Lulu Roman was actually born Bertha Louise Hable. Her life wasn’t an easy one. She was born in a home for unwed mothers, was raised in an orphanage, and later in life became addicted to drugs and did jail time. She got clean and converted to Christianity. She introduced gospel music to Hee Haw, but she’s probably best known for the “Lulu’s Truck Stop” skits in which she played a sassy waitress alongside an inept cook (played by Gailard Sartain) along with a rotation of unfortunate customers. In 1980, she sang at the Inauguration Celebration of President Ronald Reagan. Roman continues to perform, having made appearances just this and last month. She’s released several music CDs including 2013’s At Last, a collection of standards featuring duets with Dolly Parton, George Jones, and T. Graham Brown. In 2019 she published her autobiography- This Is My Story; This Is My Song. Roman was inducted into the Country Gospel Music Hall of Fame in 1999.

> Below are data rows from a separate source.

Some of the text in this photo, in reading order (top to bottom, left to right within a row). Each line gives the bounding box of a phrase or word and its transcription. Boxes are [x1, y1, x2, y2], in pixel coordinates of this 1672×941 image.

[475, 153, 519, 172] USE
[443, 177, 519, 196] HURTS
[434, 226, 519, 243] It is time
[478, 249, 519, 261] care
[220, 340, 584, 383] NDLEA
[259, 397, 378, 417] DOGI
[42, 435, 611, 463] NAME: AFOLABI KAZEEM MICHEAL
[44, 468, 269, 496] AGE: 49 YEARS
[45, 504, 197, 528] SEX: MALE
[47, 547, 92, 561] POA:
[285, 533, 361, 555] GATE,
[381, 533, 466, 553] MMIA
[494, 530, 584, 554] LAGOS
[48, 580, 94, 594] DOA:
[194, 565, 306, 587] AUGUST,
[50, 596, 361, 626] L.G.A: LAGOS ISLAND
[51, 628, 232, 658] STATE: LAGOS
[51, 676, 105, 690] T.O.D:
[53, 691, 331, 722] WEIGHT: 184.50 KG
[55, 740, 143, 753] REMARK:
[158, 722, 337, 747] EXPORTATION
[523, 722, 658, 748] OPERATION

Peter: Where did the name “Lulu” come from?
Lulu: Well, that’s a story. One of my trips to jail- there was a lady in there that said I looked like [comic book character] Little Lulu. It stuck.

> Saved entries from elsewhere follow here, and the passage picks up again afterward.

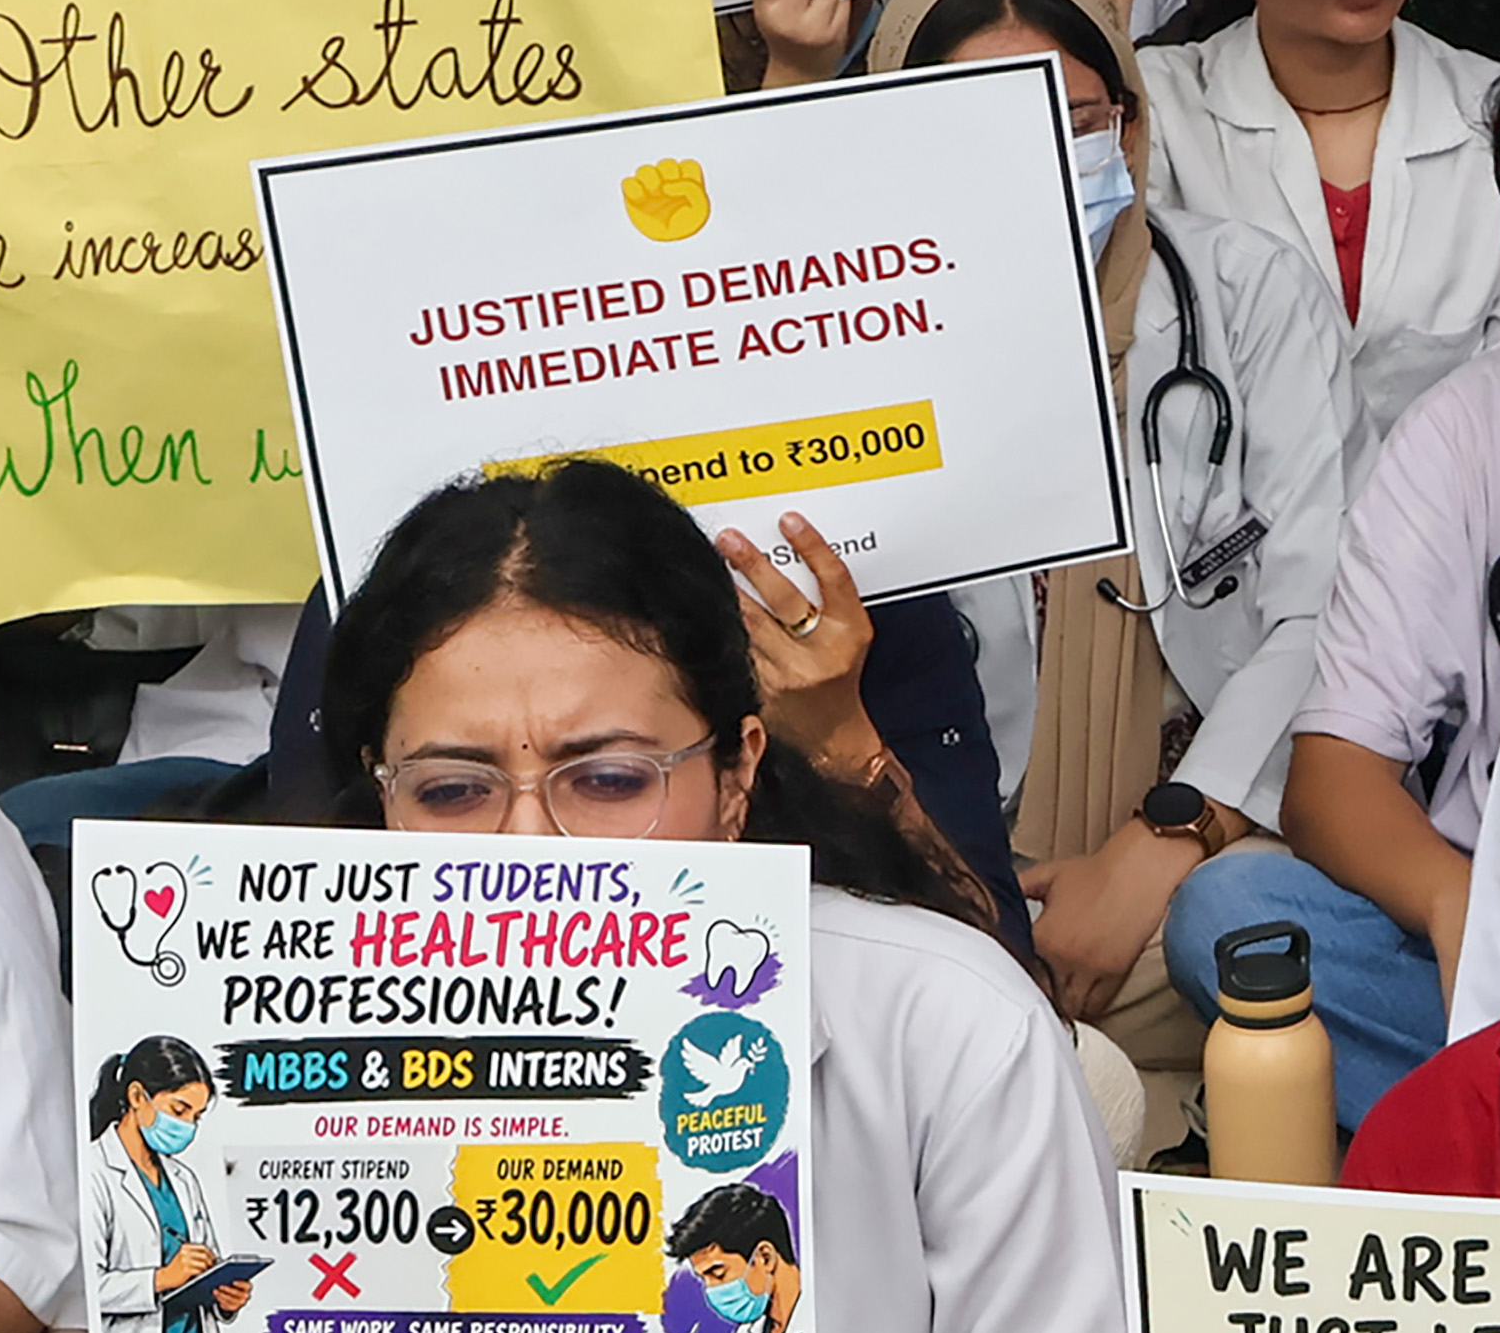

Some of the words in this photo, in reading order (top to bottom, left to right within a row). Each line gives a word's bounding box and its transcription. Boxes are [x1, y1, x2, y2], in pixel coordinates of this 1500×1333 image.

[54, 216, 264, 282] increas
[408, 275, 667, 347] JUSTIFIED
[682, 239, 957, 312] DEMANDS.
[438, 331, 722, 403] IMMEDIATE
[736, 298, 946, 367] ACTION.
[737, 449, 774, 475] to
[786, 422, 925, 468] ₹30,000
[237, 862, 318, 905] NOT
[324, 862, 422, 905] JUST
[432, 860, 642, 909] STUDENTS,
[195, 923, 255, 962] WE
[263, 919, 335, 960] ARE
[350, 909, 691, 970] HEALTHCARE
[222, 973, 626, 1030] PROFESSIONALS!
[243, 1053, 350, 1093] MBBS
[360, 1054, 391, 1091] &
[400, 1052, 475, 1090] BDS
[487, 1049, 629, 1089] INTERNS
[676, 1103, 767, 1135] PEACEFUL
[687, 1126, 763, 1155] PROTEST
[246, 1187, 419, 1248] ₹12,300
[475, 1189, 651, 1247] ₹30,000
[1204, 1224, 1319, 1299] WE
[1349, 1234, 1491, 1303] ARE

Peter: Are your blue Hee Haw overalls original?
Lulu: Well, they aren’t blue, they are the official Hee Haw overalls, and yes, I still have them.
Peter: What’s your favorite or funniest memory from Hee Haw?
Lulu: I have so many. My favorite memory is working with Sammy Davis. He was the best ever to work with in the Kornfield.
Peter: Give me one juicy Hee Haw behind the scenes tidbit.
Lulu: We were a family so I don’t have anything juicy.
Peter: Did it hurt to get hit by the “Joke Fence”? How did that work? Did a crew member pull a rope to lift the fence post?
Lulu: One of the crew did have a rope to make the fence work. It didn’t hurt.
Peter: Cathy Baker once mentioned the cast lunches at Cracker Barrel. Were you at any of those? That must have been fun.
Lulu: We would all go together for lunch. Sometimes in small groups, sometimes all of us.
Peter: What do you think when you see Hee Haw reruns today?
Lulu: Brings back wonderful memories.
Peter: How do you like doing the “Kornfield Friends” shows?
Lulu: I love getting together with my friends.
Peter: It must have been emotional doing the Country’s Family Reunion’s ”Salute to the Kornfield” show. Was that the last time you saw most of the cast?
Lulu: It was a hard day. We knew that would be the last time we would see some of them. We made it extra special for them. The last time I saw most of them was about 3 years ago at the 50th reunion.
Peter: Who did you enjoy working with the most on Hee Haw?
Lulu: I loved working with everyone. Gailard [Sartain] was always so fun to work with in the “Truck Stop” because we got to toss food around.
Peter: Why do you think Hee Haw proved so popular?
Lulu: It was corny and people loved it. They got to see new up and coming artist. No show was the same.
Peter: Could a new Hee Haw show be done today and be successful?
Lulu: No, because the writers had a talent that just isn’t there today.
Peter: Do you get tired of being asked about Hee Haw?
Lulu: No. When they stop asking, then I know we are forgotten.
Peter: Your Birthday was in May. Many of your Hee Haw friends have passed away. Is there anything you’d still like to accomplish or do you take life one day at a time?
Lulu: I do take it one day at a time. I love life. I will be out there as long as the Lord will allow me to be.
Be sure to come back in week or so for part two which includes interviews with Jana Jae and Buck Trent.
Update: Since I conducted my written interview with Lulu, her health has declined. I’m sure you join me in wishing her a quick recovery and good health in 2023.